What is being asked: Write the data out in full and word for word. Do not include images.

*** Opening of Provided entries ***

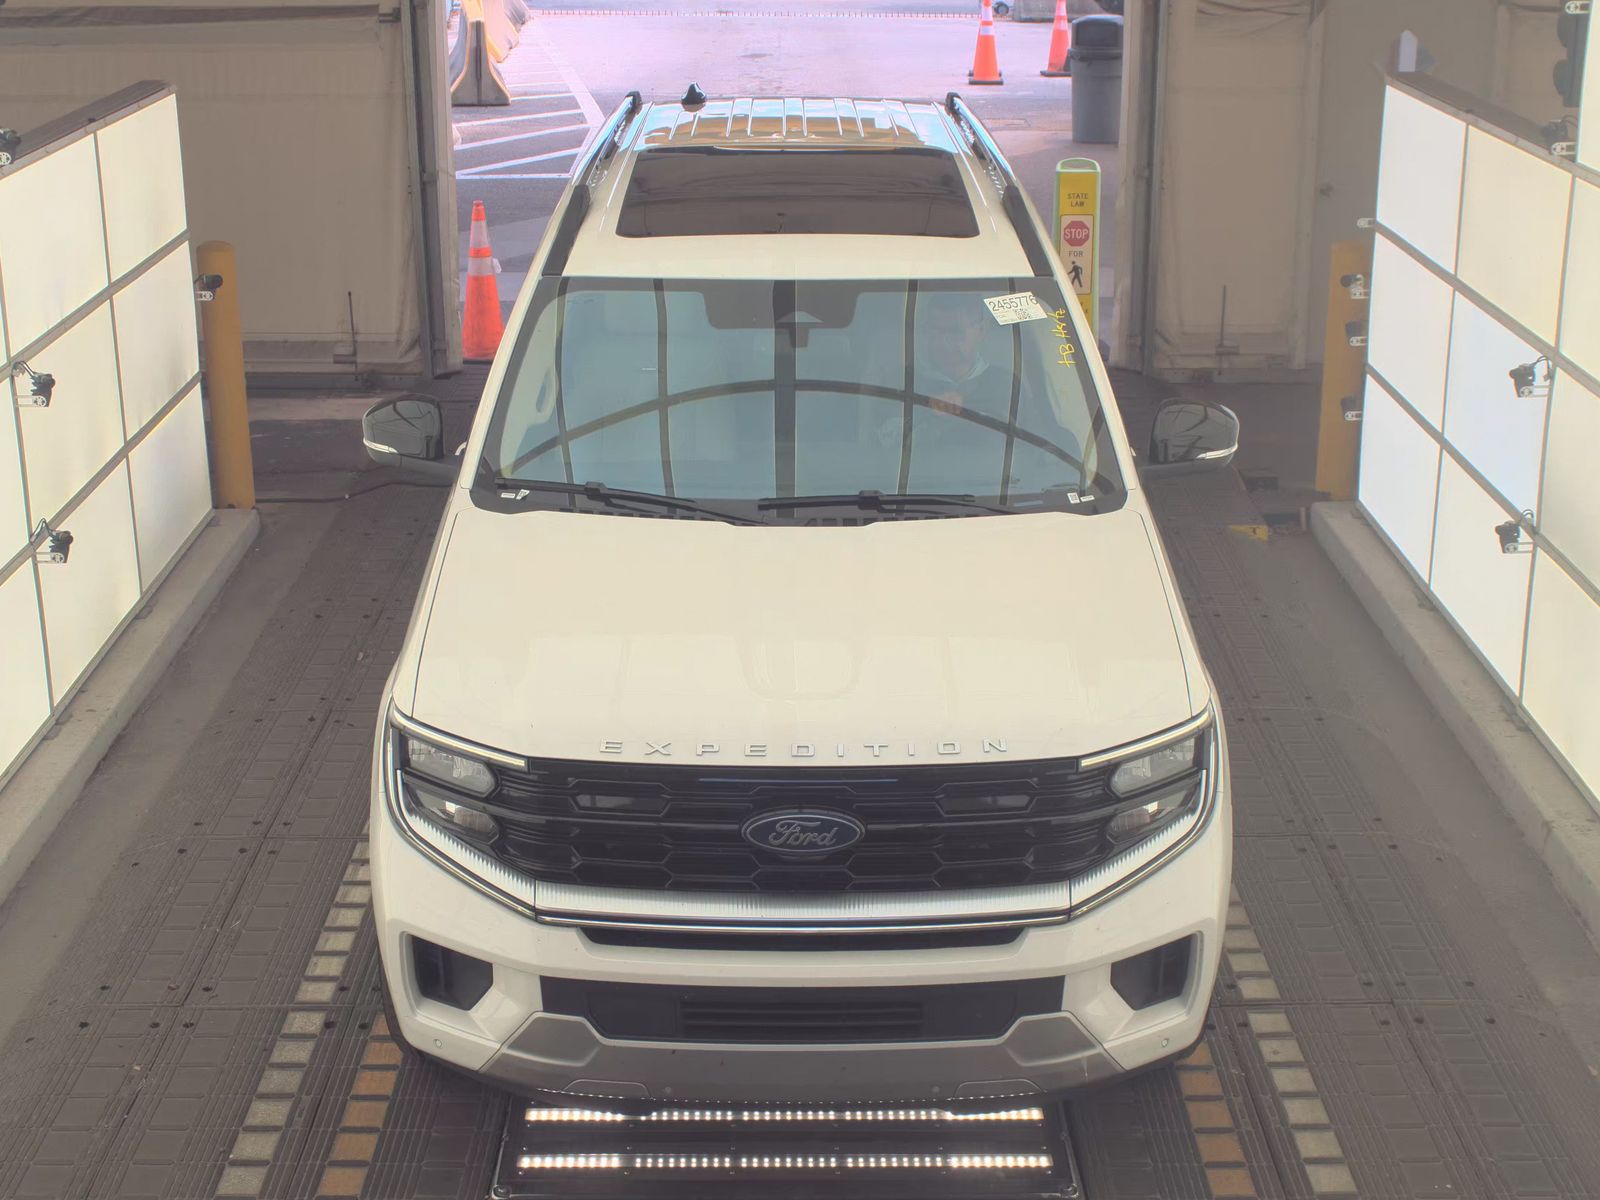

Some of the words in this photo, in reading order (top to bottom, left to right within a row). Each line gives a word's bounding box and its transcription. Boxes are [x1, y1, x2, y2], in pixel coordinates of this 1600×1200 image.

[1064, 228, 1089, 239] STOP
[988, 294, 1039, 312] 2455776
[599, 738, 1008, 758] EXPEDITION
[768, 819, 839, 846] Ford

*** Close of Provided entries ***

Answer for this exercise:
Some of the words in this photo, in reading order (top to bottom, left to right within a row). Each line gives a word's bounding box and its transcription. Boxes are [x1, y1, x2, y2], in pixel coordinates of this 1600×1200 image.

[1064, 228, 1089, 239] STOP
[988, 294, 1039, 312] 2455776
[599, 738, 1008, 758] EXPEDITION
[768, 819, 839, 846] Ford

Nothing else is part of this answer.